Chanthupottu is a 2005 Indian Malayalam-language romantic comedy-drama film directed by Lal Jose, written by Benny P. Nayarambalam, and produced by Lal. The film was based on a play of the same name, which in turn, was based on the life of an actual man with feminine mannerisms. The story is about a man named Radhakrishnan (Dileep) who was brought up like a girl by his grandmother. This film was a commercial success at the box office.

Plot

Radhakrishnan is brought up like a girl by his grandmother who wanted a granddaughter. She calls him Radha, which becomes his nickname. Radha's father Divakaran  goes to jail for a murder that he accidentally commits. Radha is ridiculed among the people in the village as he is considered effeminate, but he is not worried and spends time with the girls singing and teaches dancing. His best friend is Malu  who is wooed by Kumaran, a local money lender and the son of the man whom Radha's father had killed in a fight after Kumaran harasses Radha for behaving like girl.
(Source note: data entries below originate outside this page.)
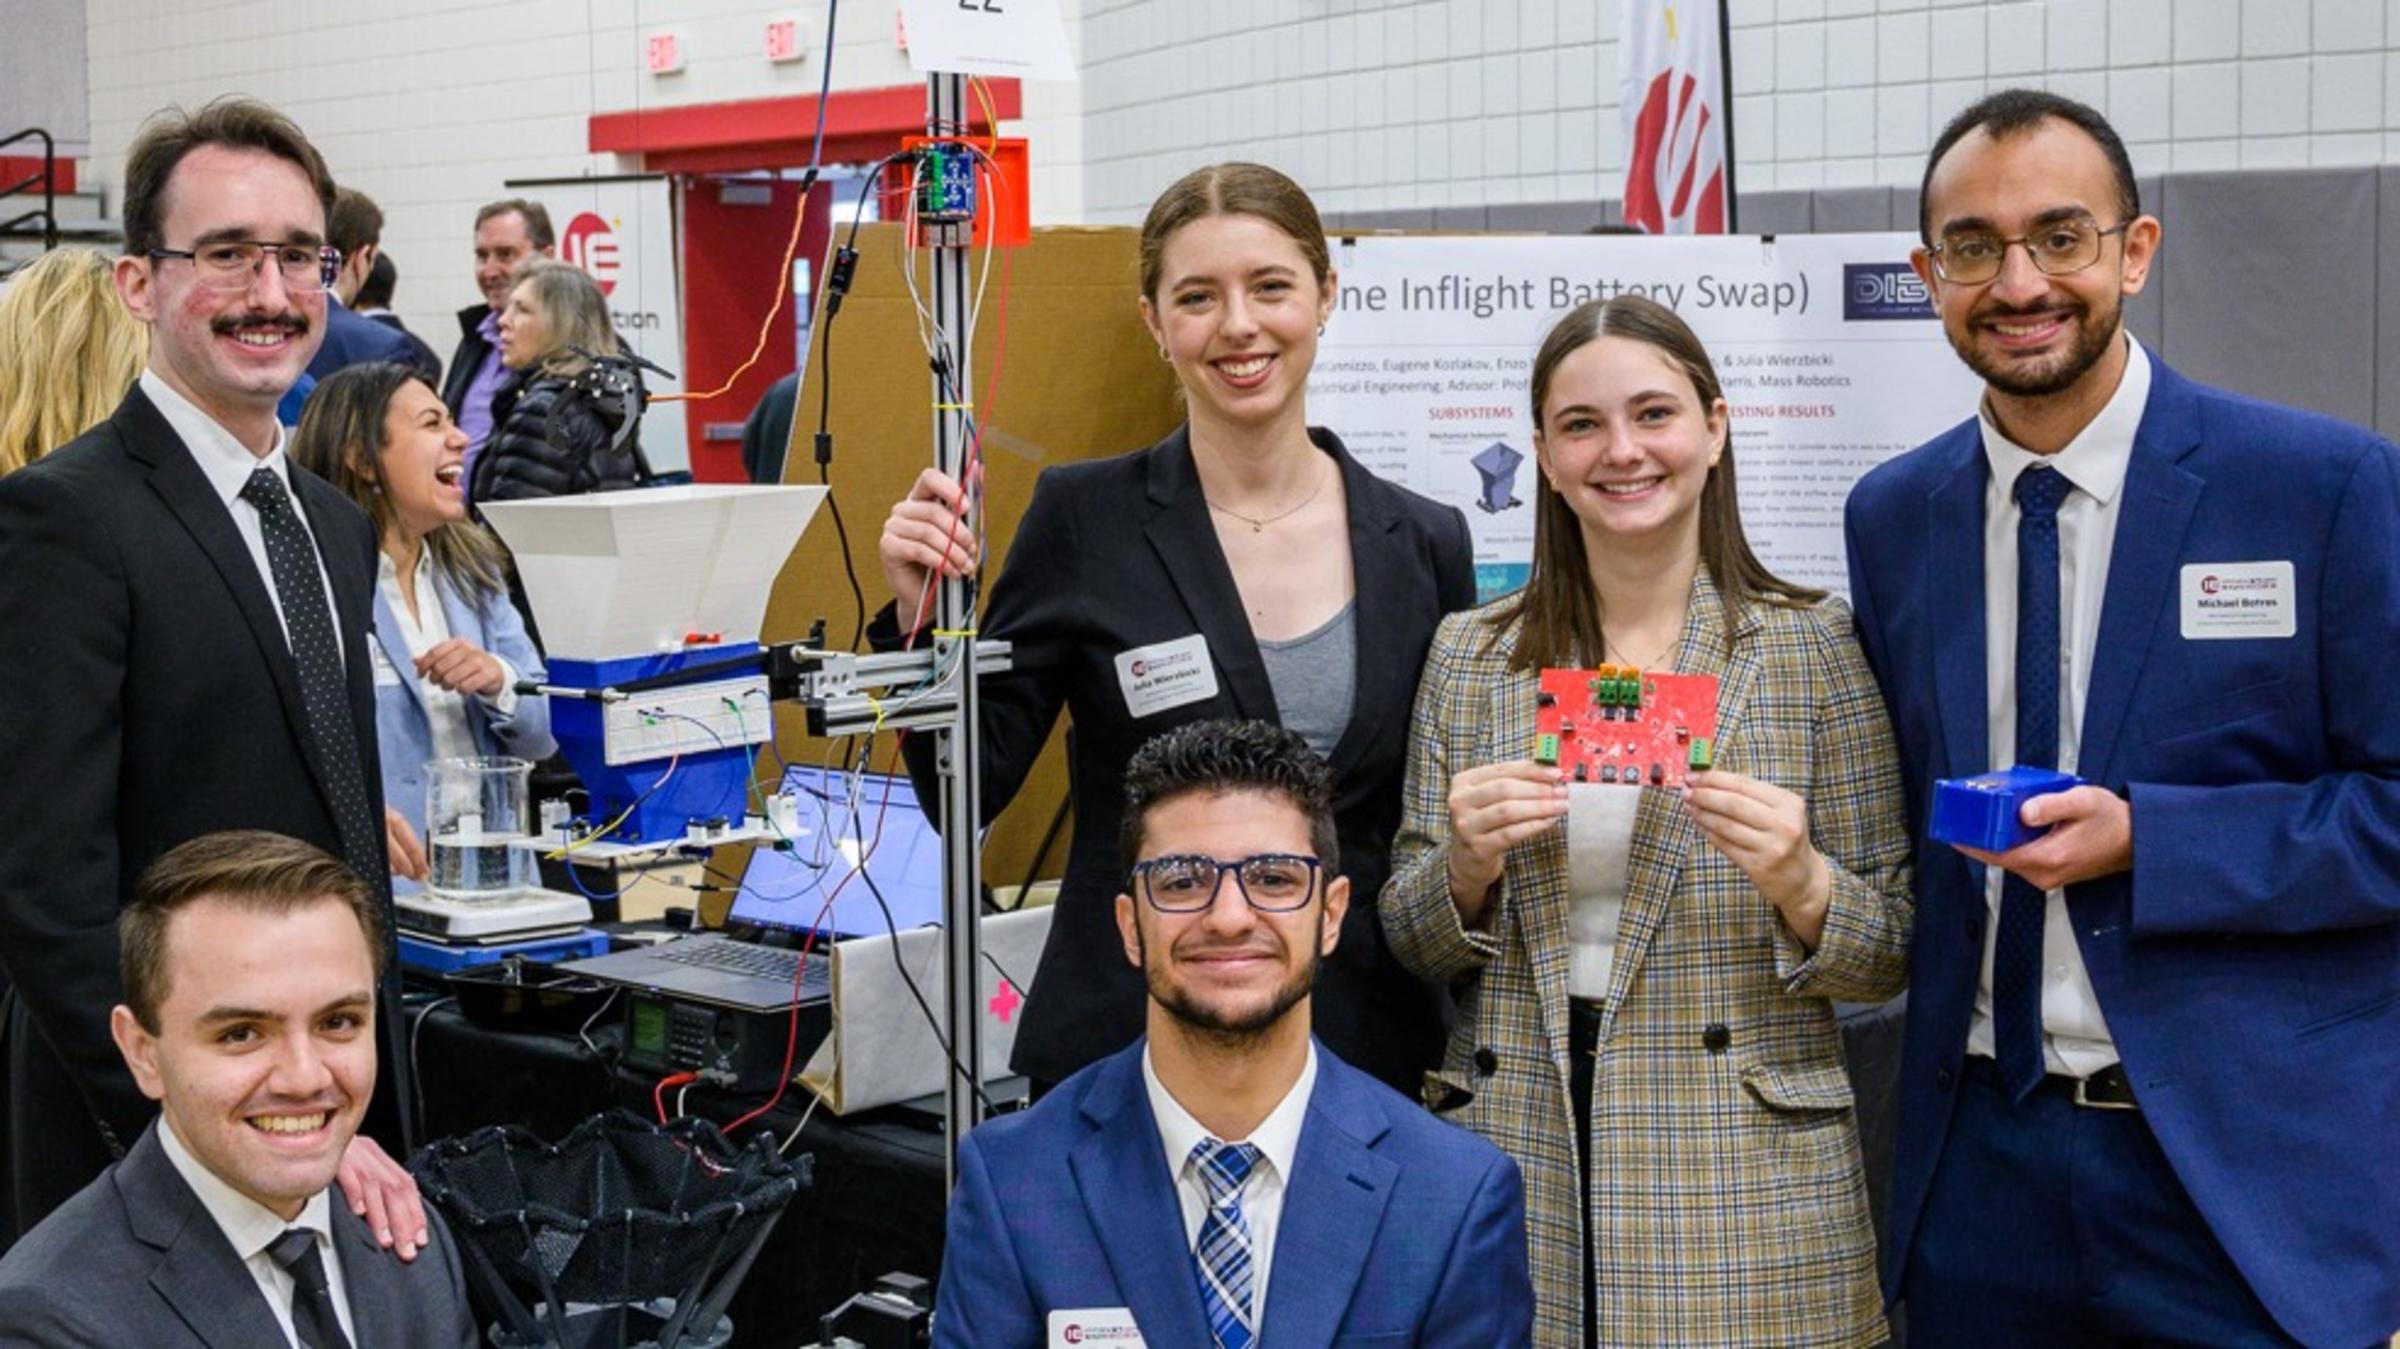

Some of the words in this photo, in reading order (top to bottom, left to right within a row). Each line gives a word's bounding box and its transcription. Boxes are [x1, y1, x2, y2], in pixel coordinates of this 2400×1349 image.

[1341, 285, 1387, 311] ne
[1402, 275, 1535, 318] Inflight
[1697, 272, 1809, 315] Swap)
[612, 310, 659, 329] tion
[1383, 359, 1430, 373] Eugene
[1433, 357, 1494, 371] Kozlakov,
[1497, 357, 1528, 370] Enzo
[1736, 354, 1763, 366] Julia
[1766, 353, 1833, 367] Wierzbicki
[1447, 379, 1499, 391] Advisor:
[1759, 374, 1793, 387] Mass
[1796, 374, 1851, 387] Robotics
[1428, 406, 1515, 420] SUBSYSTEMS
[1729, 404, 1775, 418] ESTING
[1777, 403, 1836, 418] RESULTS
[2197, 598, 2240, 608] Michael
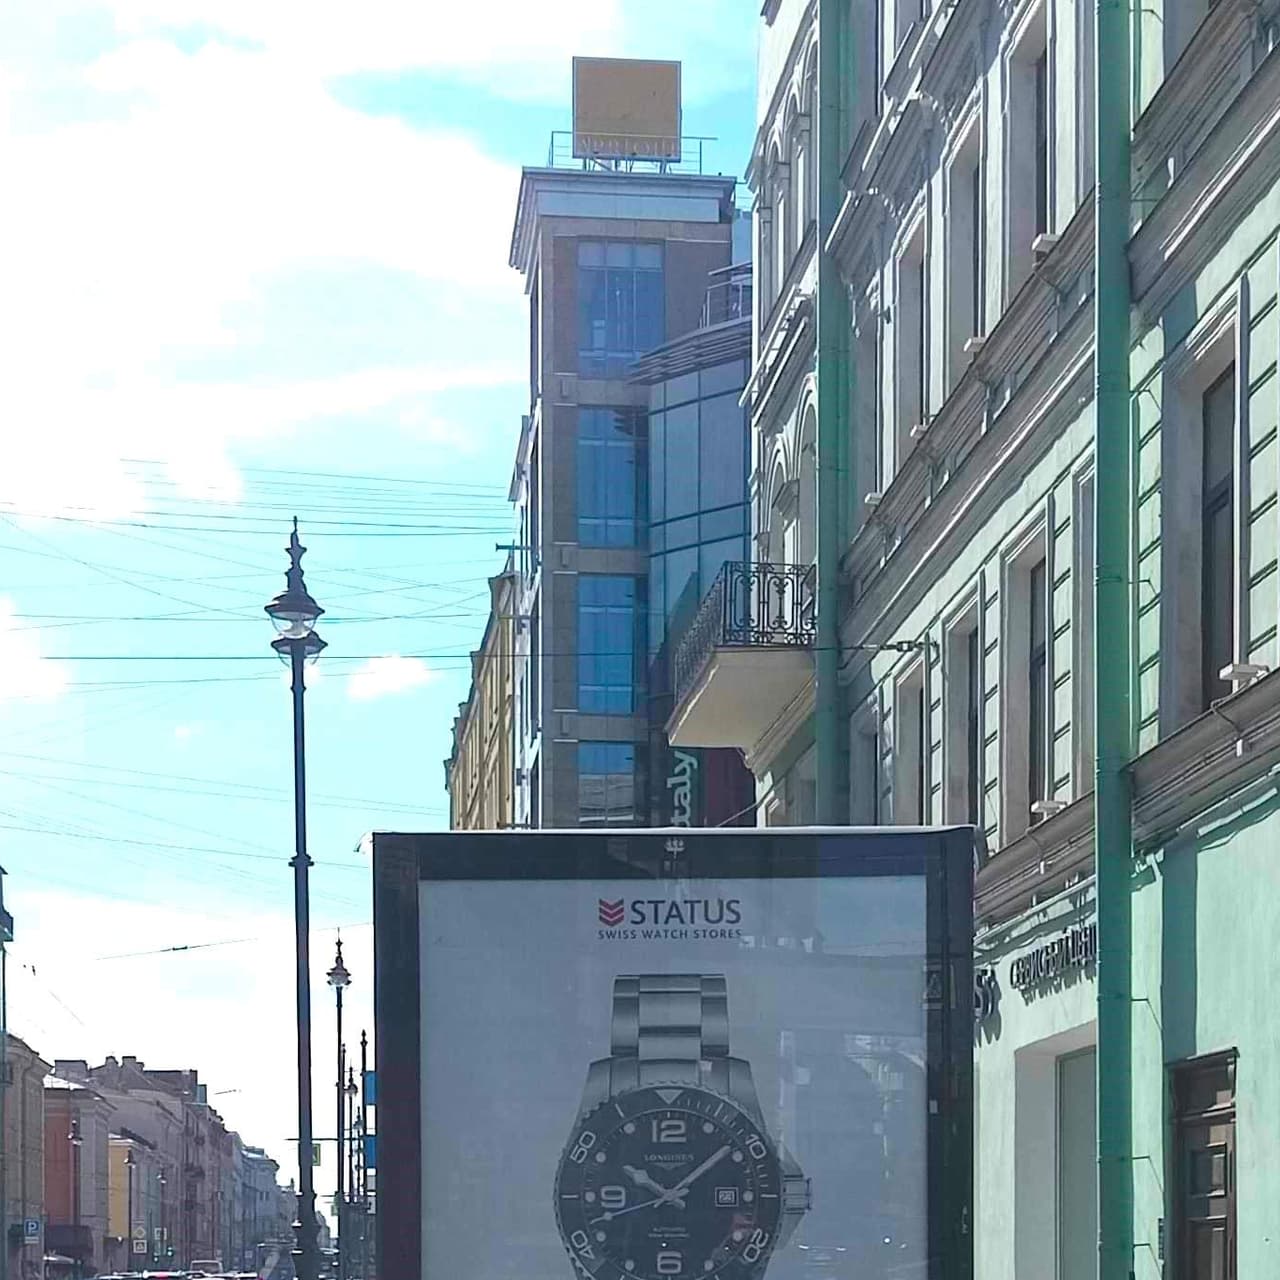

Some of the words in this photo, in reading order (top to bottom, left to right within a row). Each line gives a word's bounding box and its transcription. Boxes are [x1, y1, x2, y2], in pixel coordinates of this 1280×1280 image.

[629, 898, 742, 925] STATUS
[597, 929, 637, 940] SWISS
[641, 929, 688, 940] WATCH
[693, 929, 742, 940] STORES
[651, 1118, 688, 1144] 12
[569, 1130, 597, 1165] 50
[744, 1133, 766, 1160] 10
[599, 1185, 626, 1208] 9
[570, 1229, 596, 1260] 40
[742, 1227, 770, 1263] 20
[656, 1249, 685, 1275] 6
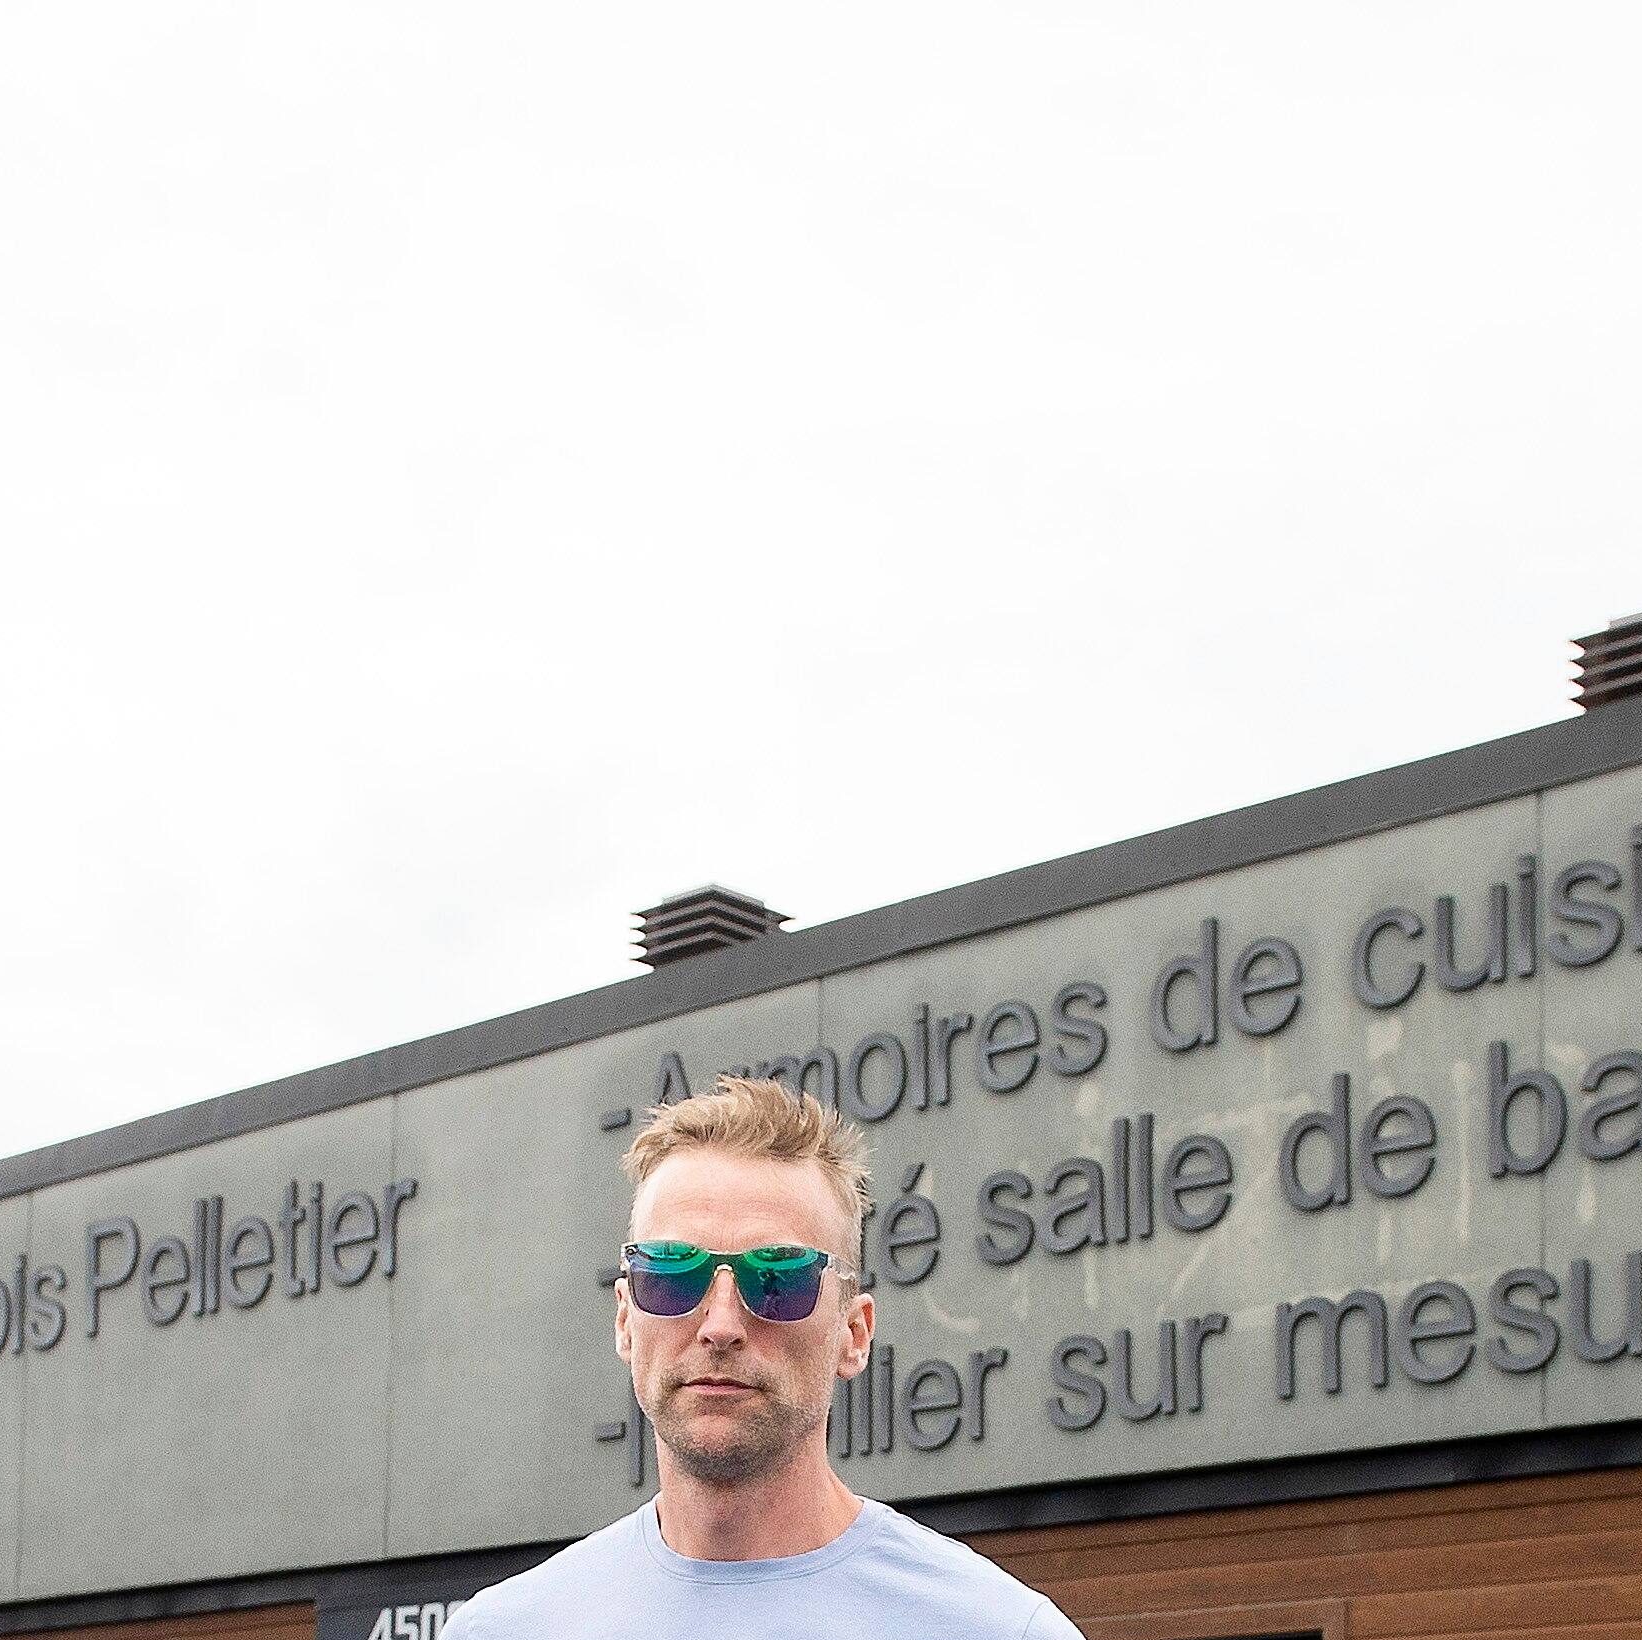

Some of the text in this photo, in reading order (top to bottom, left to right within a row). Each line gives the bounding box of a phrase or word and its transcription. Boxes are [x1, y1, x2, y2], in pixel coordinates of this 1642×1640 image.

[1152, 917, 1305, 1056] de
[977, 1112, 1235, 1268] salle
[1279, 1072, 1439, 1215] de
[86, 1178, 420, 1339] Pelletier
[1049, 1308, 1230, 1432] sur
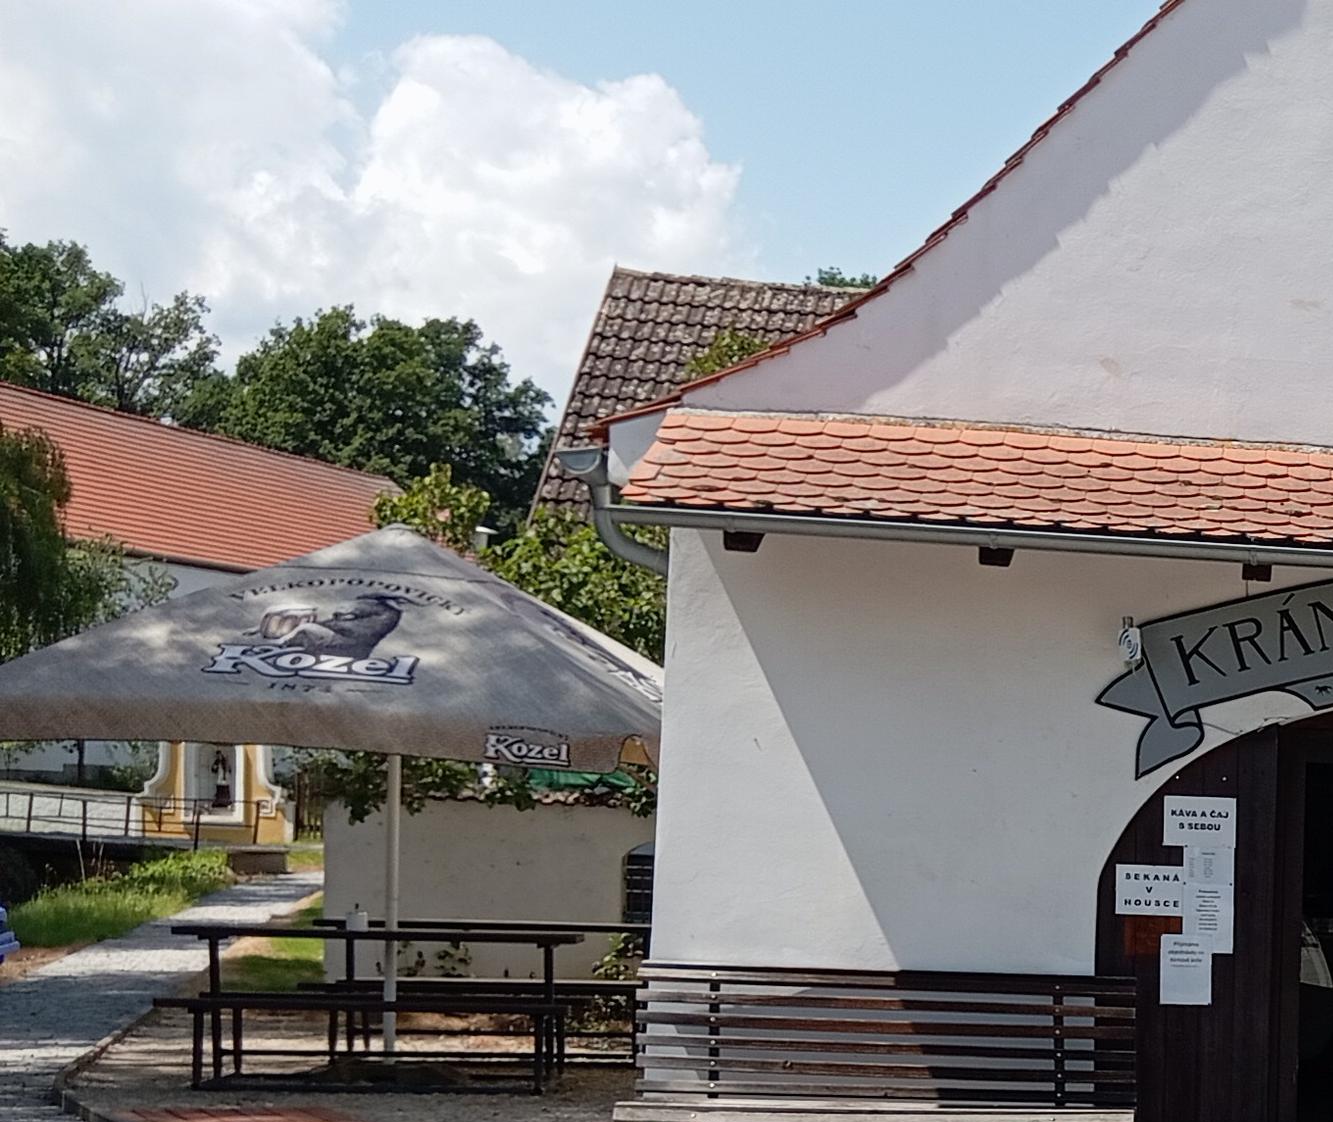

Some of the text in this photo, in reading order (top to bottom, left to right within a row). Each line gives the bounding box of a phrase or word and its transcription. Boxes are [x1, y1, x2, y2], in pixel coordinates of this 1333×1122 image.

[201, 643, 421, 686] Kozel
[483, 732, 571, 768] Kozel
[1170, 808, 1229, 819] KÁVA A ČAJ
[1187, 823, 1221, 831] SEBOU
[1124, 899, 1180, 908] HOUSCE
Divakaran comes back from jail and dislikes his son's mannerisms, but can do nothing about them. Slowly Radha's liking for Malu turns into love and when Kumaran sees it, he beats up Radha with the help of her father, a local astrologer and dumps him in deep sea by saying he is a curse to the shore. But he is saved by Freddy, a restaurant owner, in some distant shore. Freddy takes him to the former's native where he is living with his sister Rosie and his grandmother, who is a mental patient due to the shock of the sudden death of Freddy's other sibling, Jonfy. He soon becomes a part of their family, as the grandmother begins to identify him as the late Jonfy.  With a change in environment, he also changes his behaviour, adopting more traditionally male mannerisms.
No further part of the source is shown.